___ Extracted data

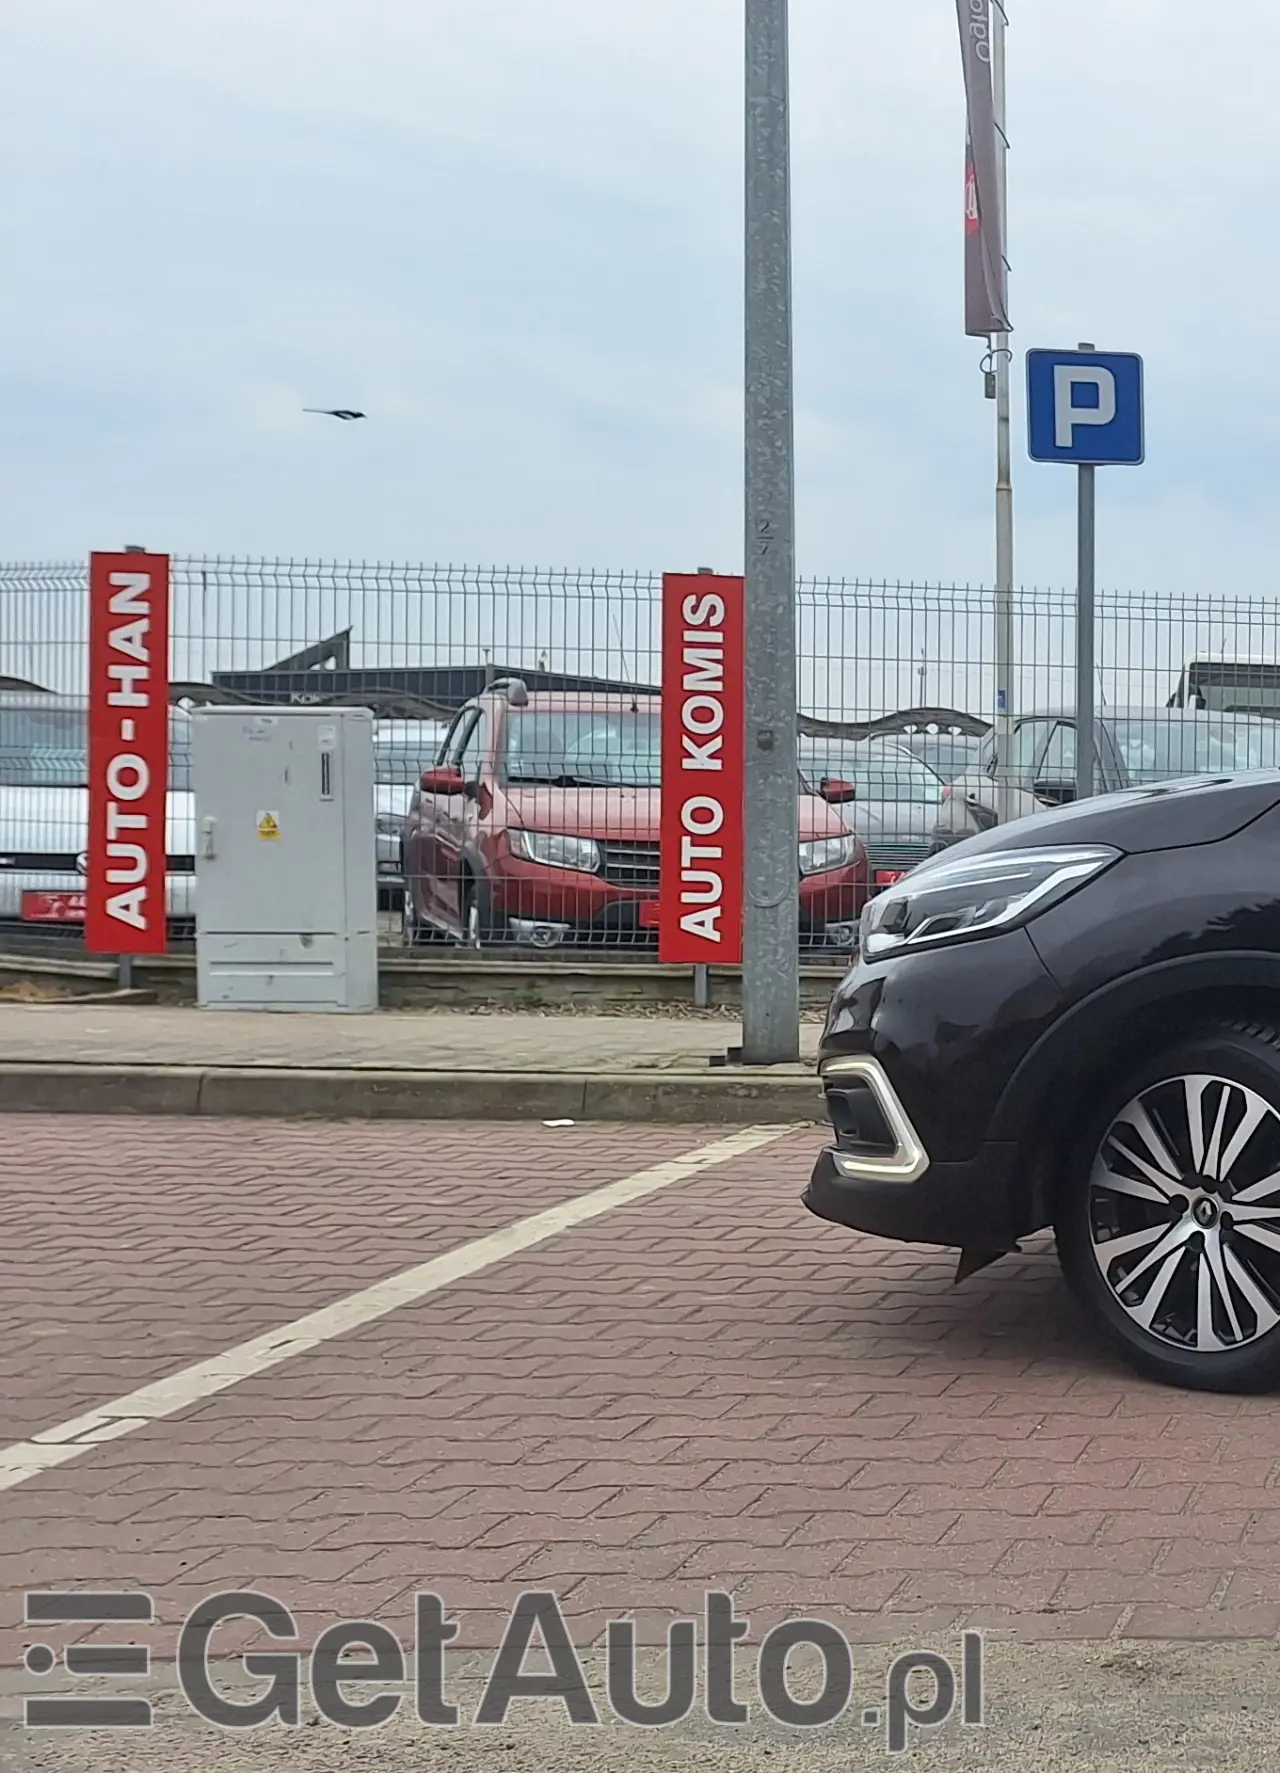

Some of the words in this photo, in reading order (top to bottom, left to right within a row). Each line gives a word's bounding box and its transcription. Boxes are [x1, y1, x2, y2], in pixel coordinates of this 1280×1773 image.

[1054, 365, 1116, 448] P
[681, 593, 725, 771] KOMIS
[680, 796, 724, 942] AUTO
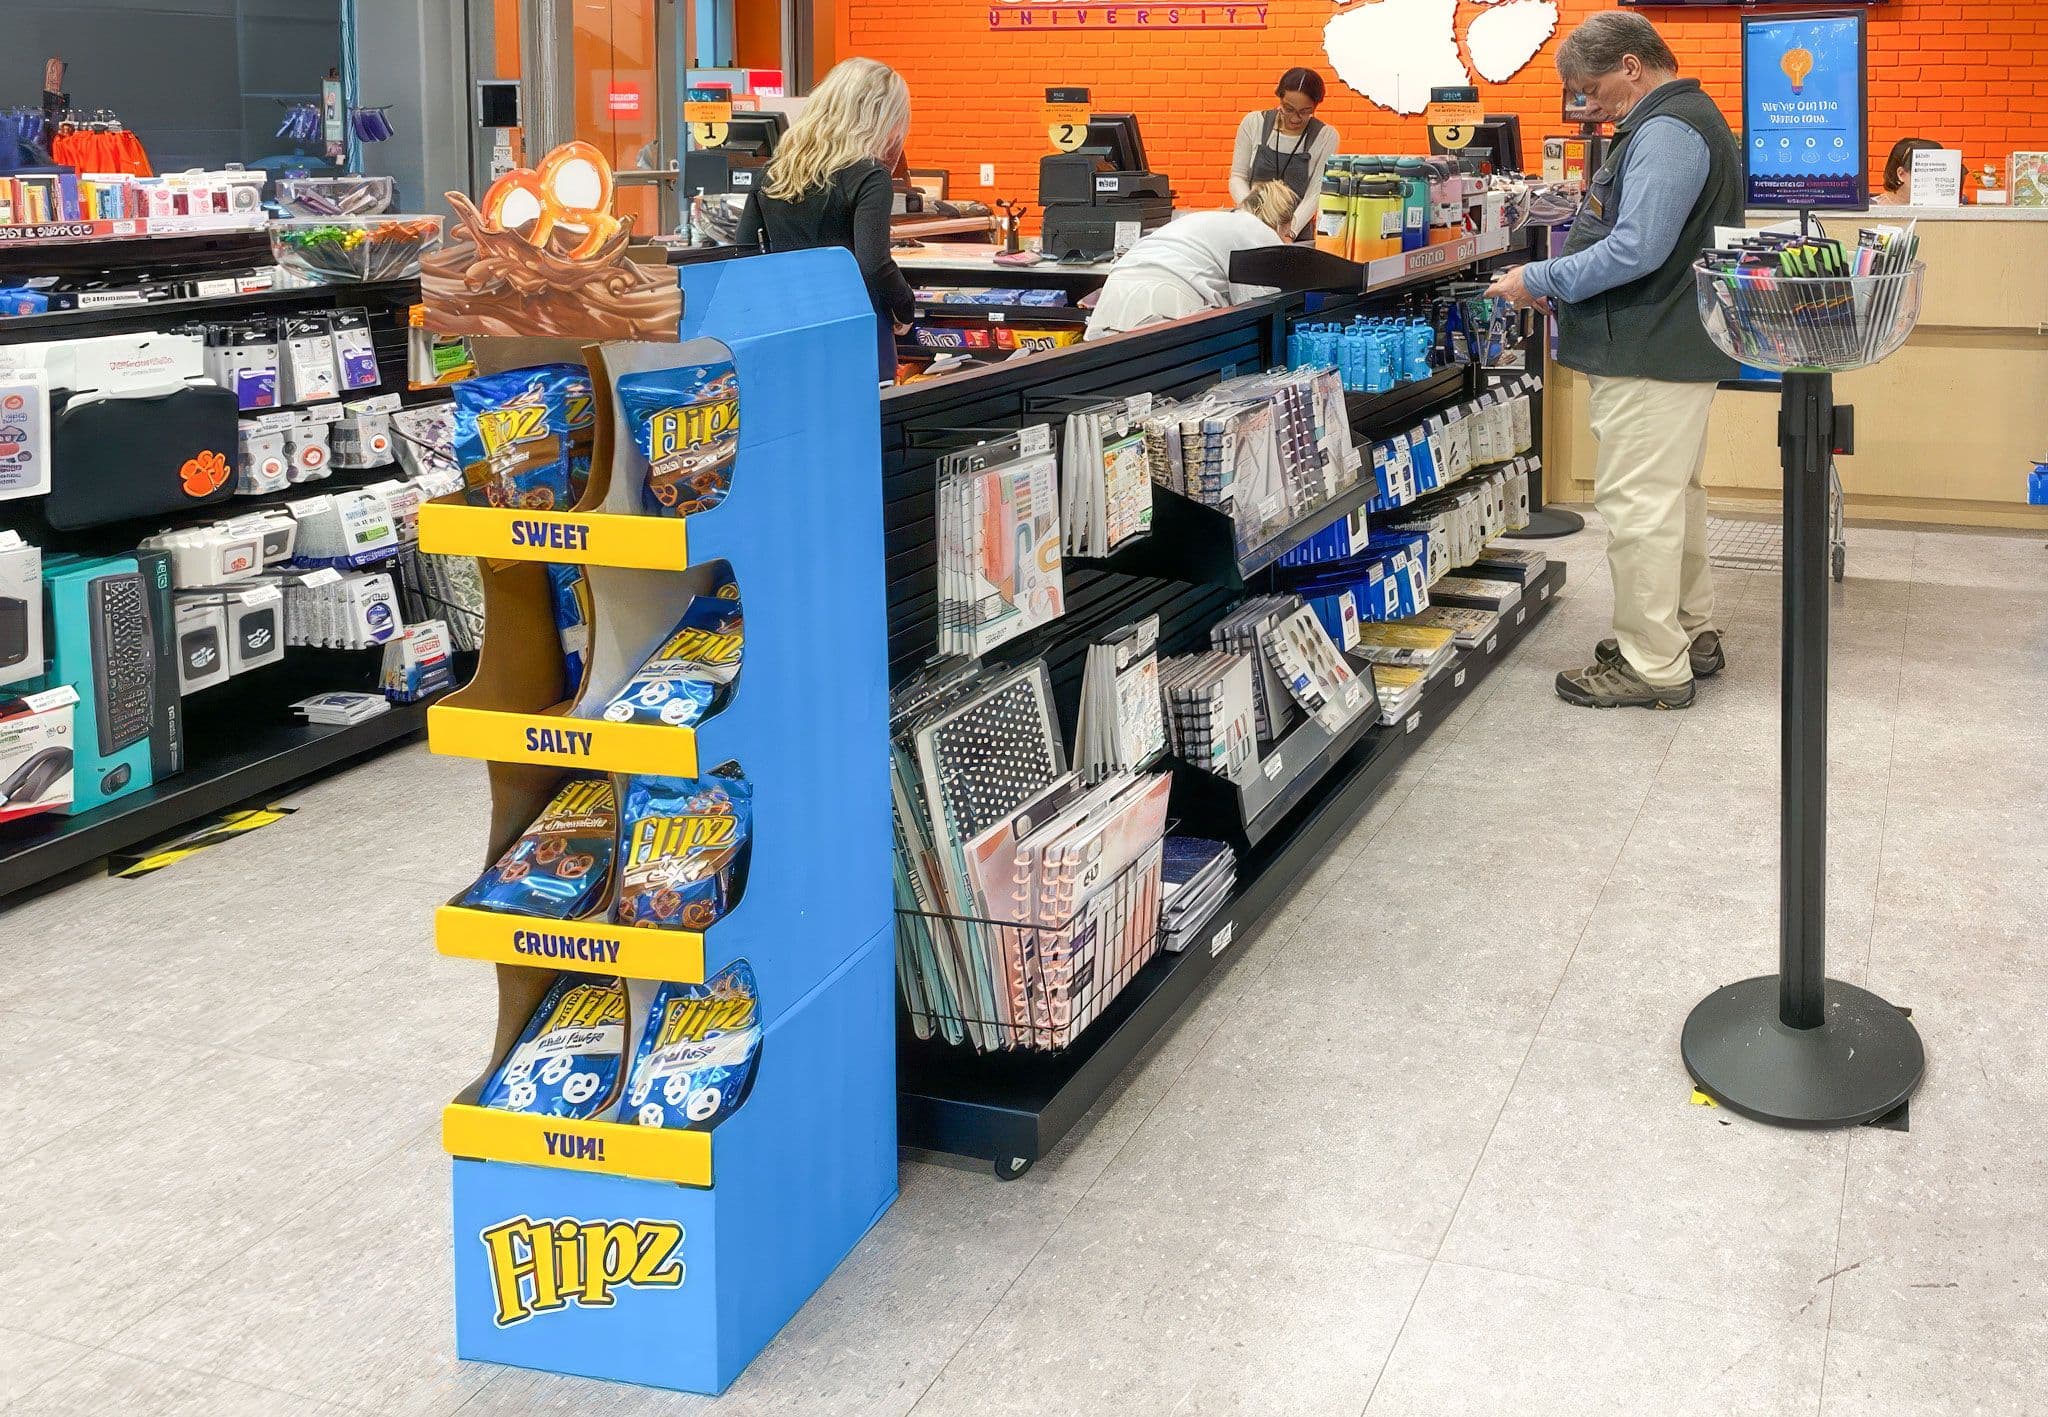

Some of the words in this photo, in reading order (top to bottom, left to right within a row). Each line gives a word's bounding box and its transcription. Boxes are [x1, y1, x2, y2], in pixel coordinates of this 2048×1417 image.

______

# Exercise aim:
Print out the entries once more, unchanged. No pictures.

# Result:
Some of the words in this photo, in reading order (top to bottom, left to right within a row). Each line gives a word's bounding box and its transcription. Boxes are [x1, y1, x2, y2], in pixel coordinates of this 1280×1773 image.

[1054, 365, 1116, 448] P
[681, 593, 725, 771] KOMIS
[680, 796, 724, 942] AUTO

Some of the words in this photo, in reading order (top to bottom, left to right within a row). Each line gives a word's bounding box and its transcription. Boxes are [x1, y1, x2, y2], in pixel coordinates of this 2048×1417 image.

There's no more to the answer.